Guardini’s philosophical musings are rich and densely packed. In this second chapter of The Spirit of the Liturgy, it might be helpful to use the interpretive key of participation, although Guardini doesn’t use the word here. He explains that the liturgical fellowship or Gemeinschaft he is talking about is the Church, the corpus Christi mysticum, the “we” of the entire body of the Church. How does the individual “I” relate to this liturgical community? Or, in other words, how do I participate in the Church’s liturgy? Let us examine the following elements more closely: A) the community, B) the individual and C) the participation of the individual in the liturgical action of the community.

A: The Community[2]

The liturgy is not celebrated by the individual, but by the entire body of the faithful, not merely those present, but all the faithful on earth (across the limits of time and space) and all the saints in heaven. “Who celebrates the liturgy?” In answer to this question, Guardini says: the Church, which is more than the sum of its parts. It is the Mystical Body of Christ, animated by the Holy Spirit. The individual participates in this common action of the Church. In the liturgy, the individual “sees himself face to face with God, not as a [single] entity but as a member of this unity” (37).

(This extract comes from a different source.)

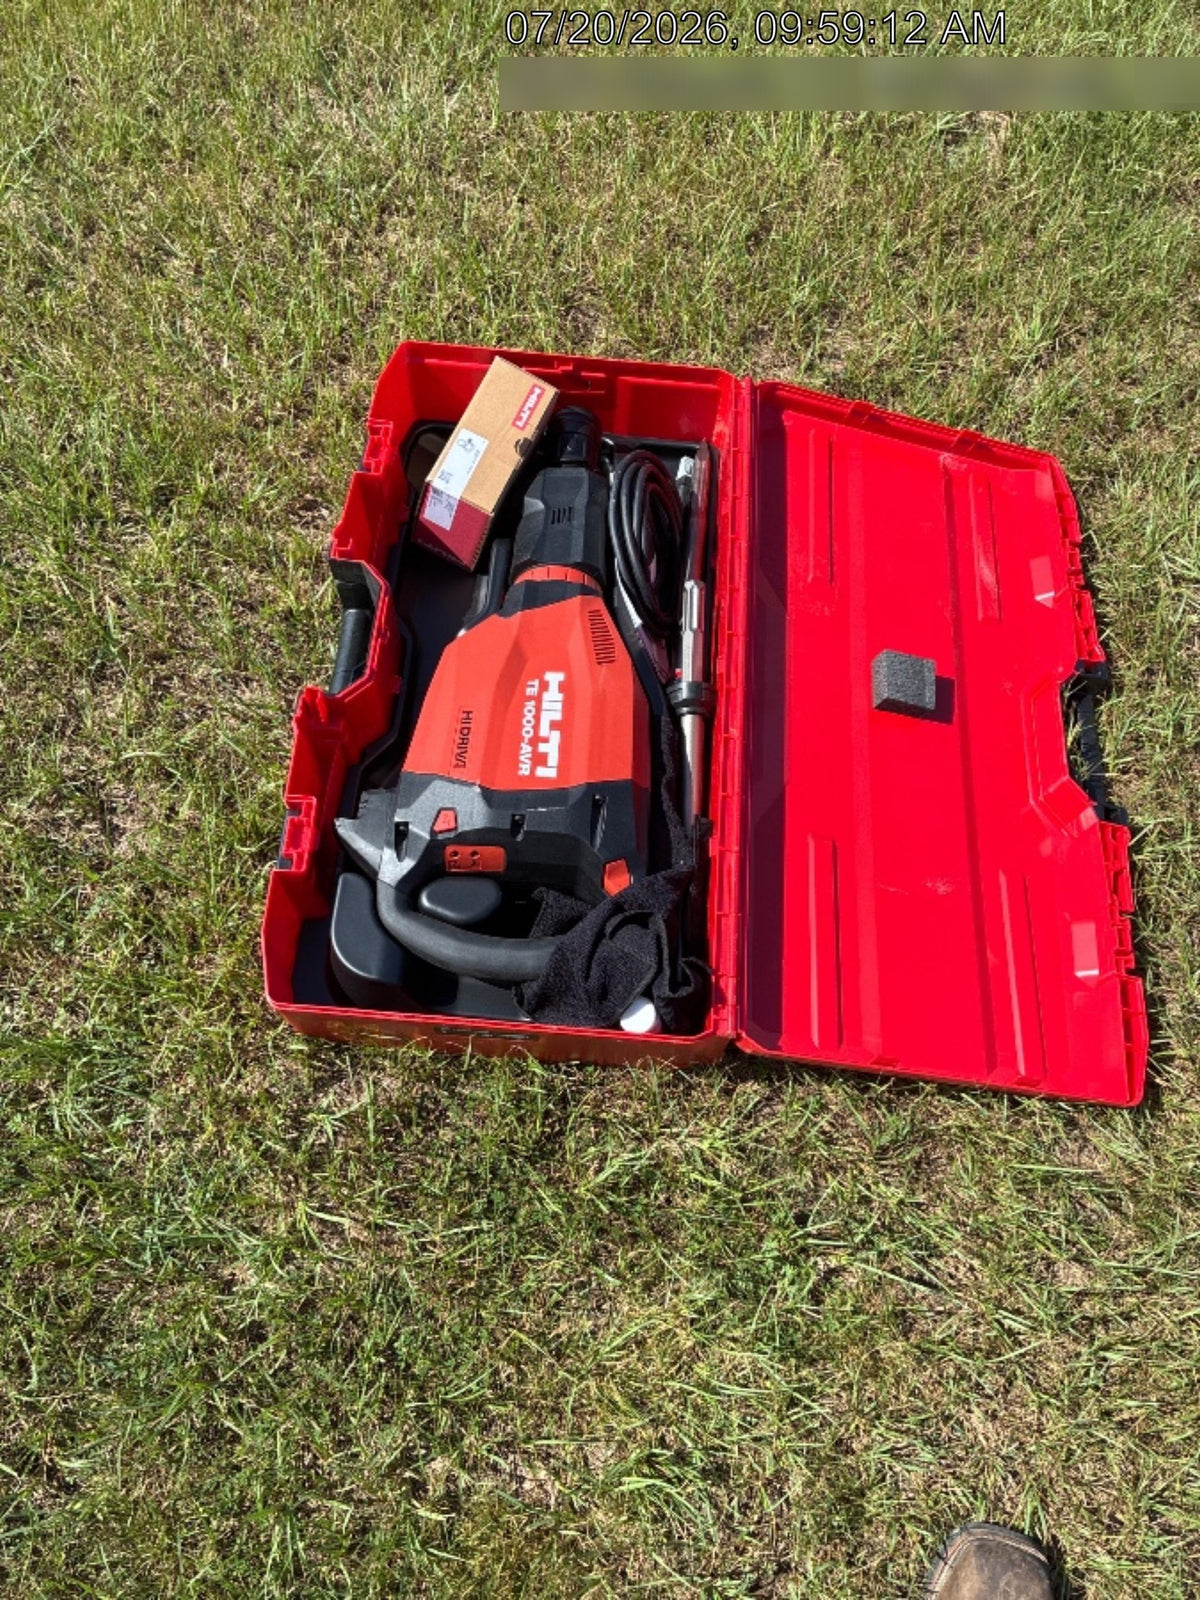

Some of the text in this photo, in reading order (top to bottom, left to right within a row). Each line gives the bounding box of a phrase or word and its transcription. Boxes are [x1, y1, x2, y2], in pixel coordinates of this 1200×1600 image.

[514, 385, 543, 429] HILTI
[517, 679, 540, 776] TE 1000-AVR
[535, 671, 565, 778] HILTI
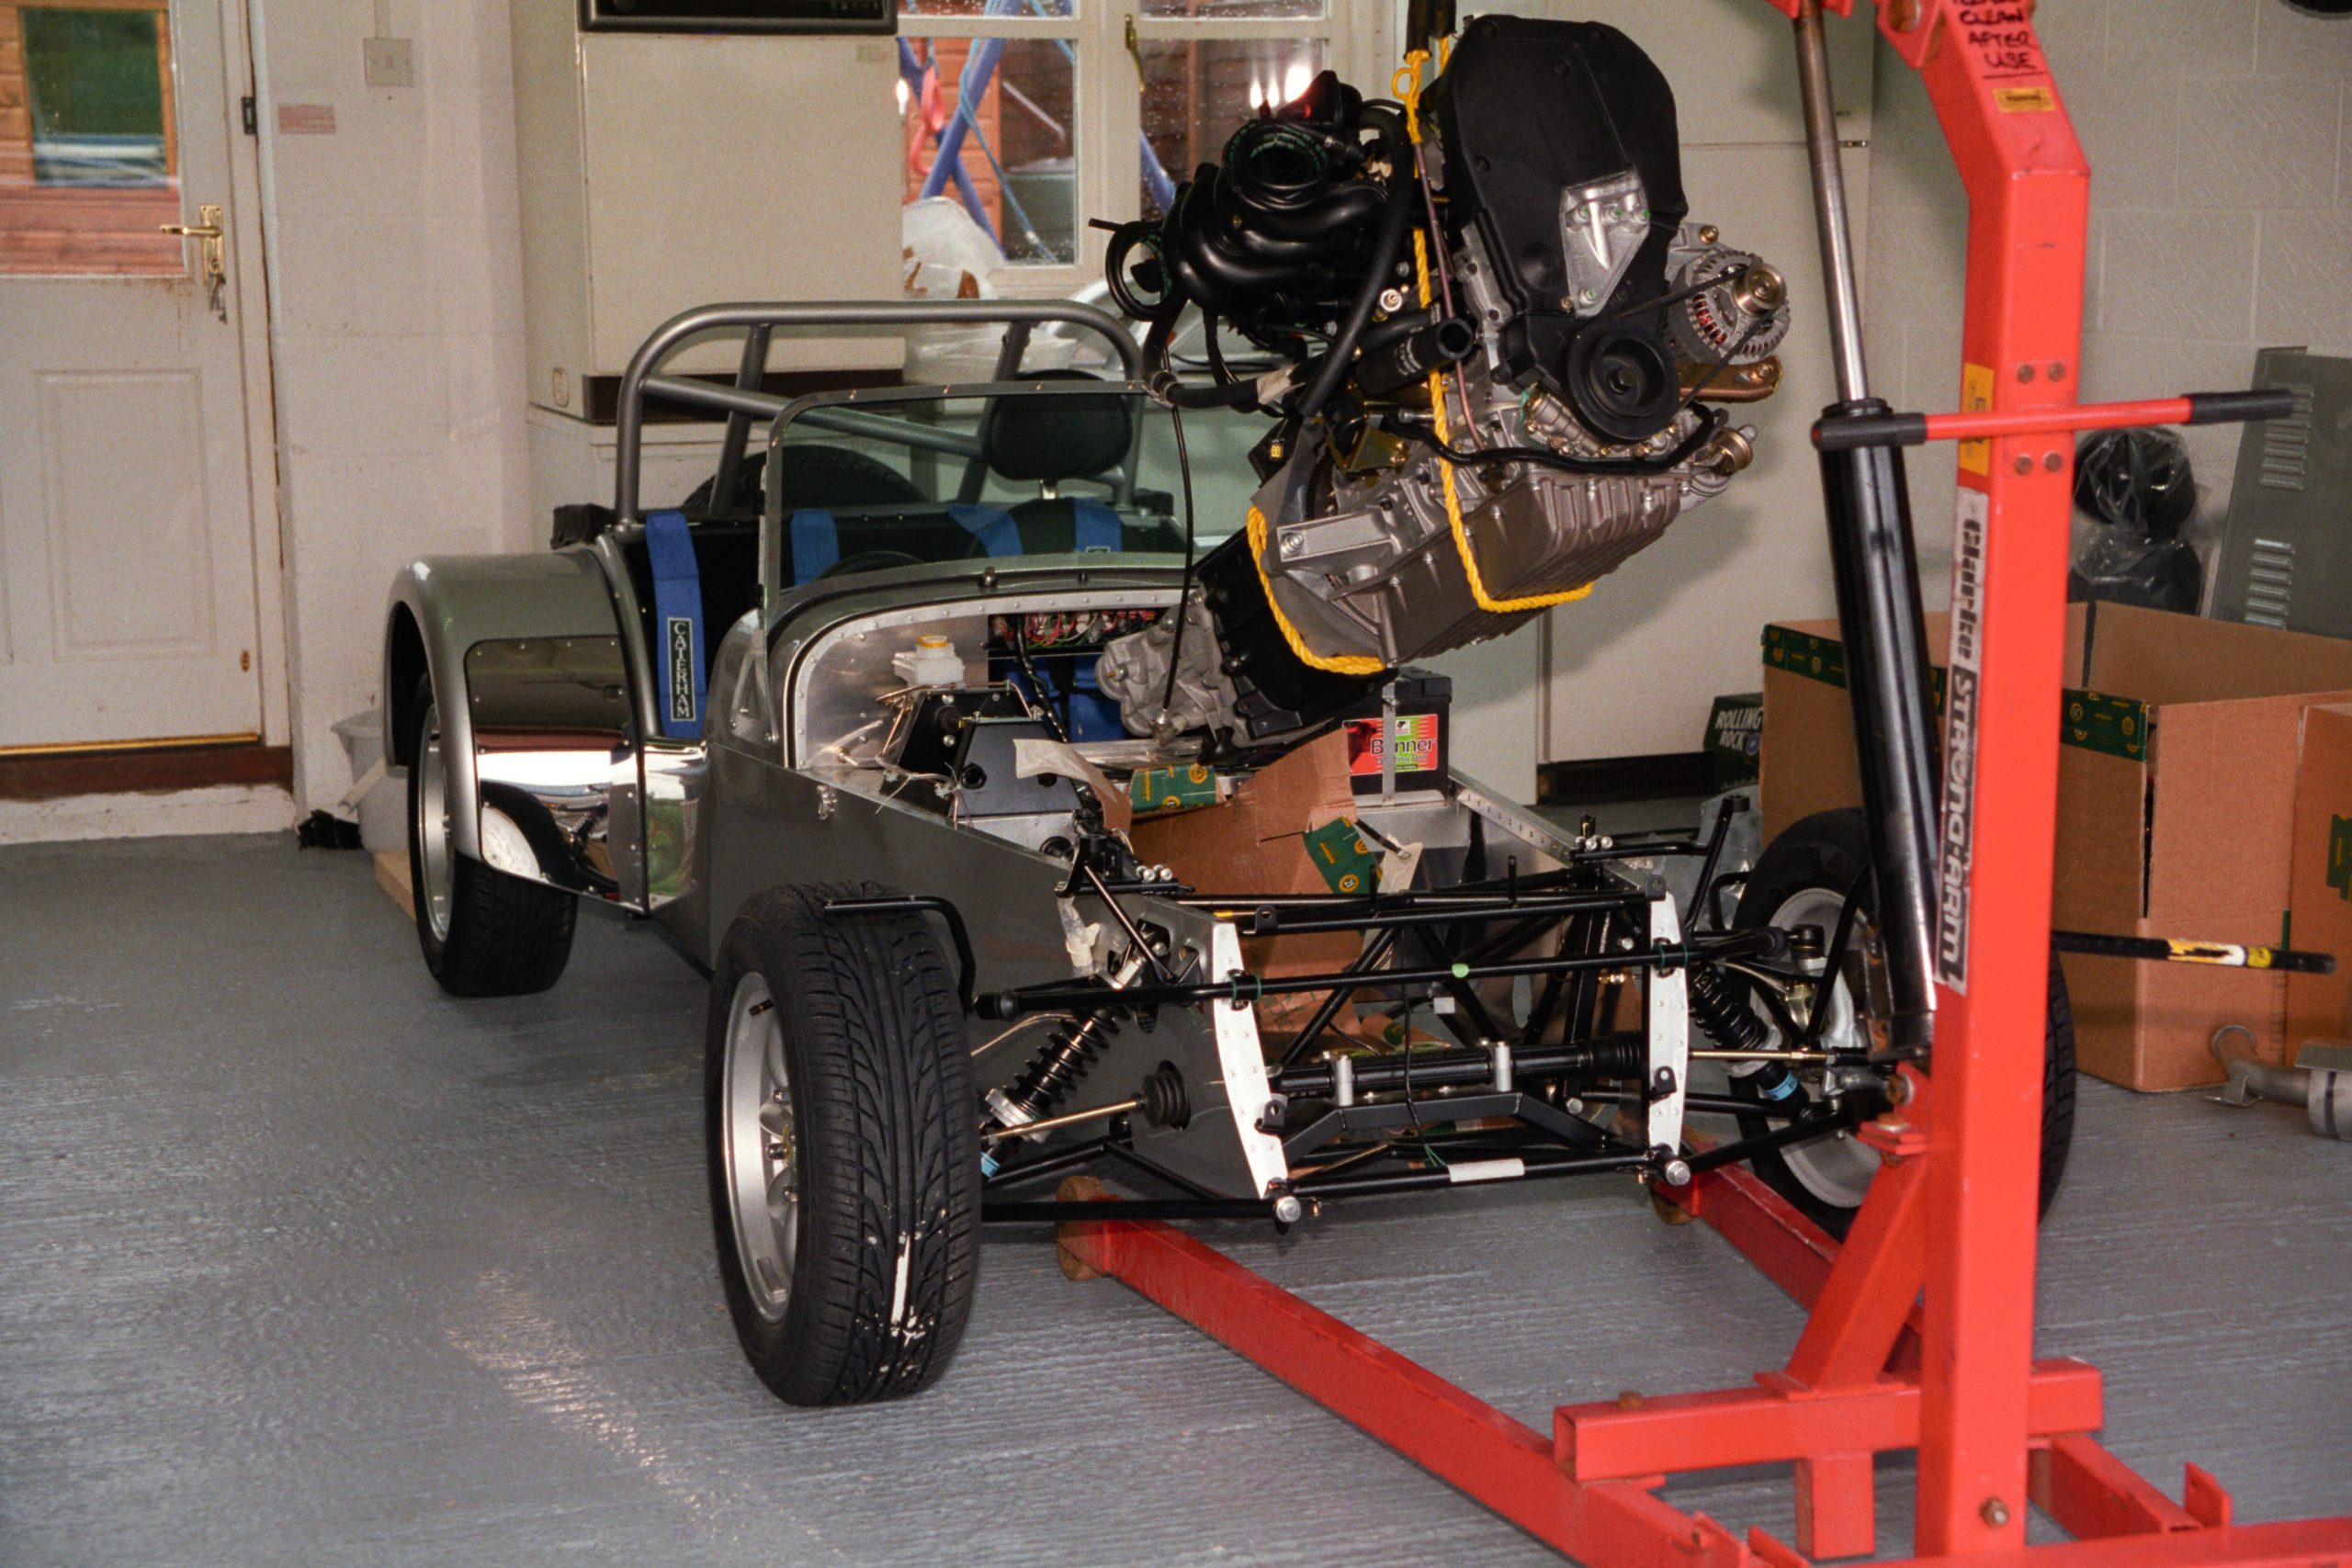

How does the individual person enter into this larger reality of the liturgical community? He does so in two ways: by sacrifice (Opfer) and by personal action (Leistung).[3] The sacrifice required by the person who wishes to participate in the liturgical fellowship is the renunciation “of everything in him which exists merely for itself and excludes others” (38). The personal action required of him is the widening of his outlook, which results from his acceptance and assimilation of a more comprehensive scheme of life than his own—that of the community.

B: The Individual[4]

Thus we have the big picture: the participation of the individual believer in the common action of the liturgical community. Guardini then examines in greater detail how integration of the individual into the community works. People are not all the same, and therefore their modes of participation in the Gemeinschaft, the Mystical Body, will necessarily be different. Guardini takes into consideration two basic temperaments or dispositions: the individualistic disposition (we might say introverted) and the social disposition (we might say extroverted). Within the individualistic category, there is a further subdivision: those drawn to the objective and impersonal, and those drawn to the subjective and personal. Thus Guardini speaks of three personality types (to use contemporary language), and for each one, he outlines the kind of asceticism needed (involving sacrifice and personal action) in order to participate in the liturgical community.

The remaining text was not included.